By Diane Huskinson
David Bressler is Stroud™ Water Research Center’s new citizen science facilitator, helping other organizations and their volunteers better monitor the health of their local streams and rivers. “I think science can sometimes be mysterious and because of that a little intimidating,” Bressler says. “Through citizen science, I hope we can make environmental science more accessible, help people better understand the world around them, and show them how their actions impact freshwater resources and ecosystems.”
Before joining the Stroud Center, Bressler worked in freshwater bioassessment and biomonitoring for 16 years at Tetra Tech’s Center for Ecological Studies in Baltimore and Santa Fe. There he analyzed data, led field trainings, and conducted field observations in association with federal, state, and local environmental agencies.
“The diversity of projects I worked on helped me develop an internal sense of the complex dynamics of aquatic ecosystems,” and on the fun side, he adds, “I got to spend a lot of hours driving around on back roads, bushwhacking through the woods, and being out on the water.”

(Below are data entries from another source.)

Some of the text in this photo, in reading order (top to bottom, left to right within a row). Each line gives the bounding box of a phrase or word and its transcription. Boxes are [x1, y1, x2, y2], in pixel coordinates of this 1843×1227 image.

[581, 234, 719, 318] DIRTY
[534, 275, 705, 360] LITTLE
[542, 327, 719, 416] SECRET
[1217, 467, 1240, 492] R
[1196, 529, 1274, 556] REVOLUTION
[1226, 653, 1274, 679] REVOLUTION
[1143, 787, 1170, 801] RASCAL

Fly fishing on the limestone streams of Central Pennsylvania, where he grew up, first sparked Bressler’s interest in studying freshwater ecosystems. As an undergraduate, he studied biology and anthropology at Franklin & Marshall College and studied bugs and habitat in Pequea Creek and Trout Run as an honors project. He went on to earn a master’s degree at Duke University, studying stream biotic and abiotic relationships in the Henry’s Fork Watershed in Idaho, Montana, and Wyoming.
Bressler recently returned to school, earning a Master of Education in science education from Penn State. “It was in response to a long-term interest in learning, communication, and sociocultural dynamics in relation to science and nature, and that is what led me to citizen science and the Stroud Center.”
He adds, “It’s good being back in southeastern Pennsylvania again among family and friends. I’m thankful and a little surprised to be at the Stroud Center, but it also makes sense.”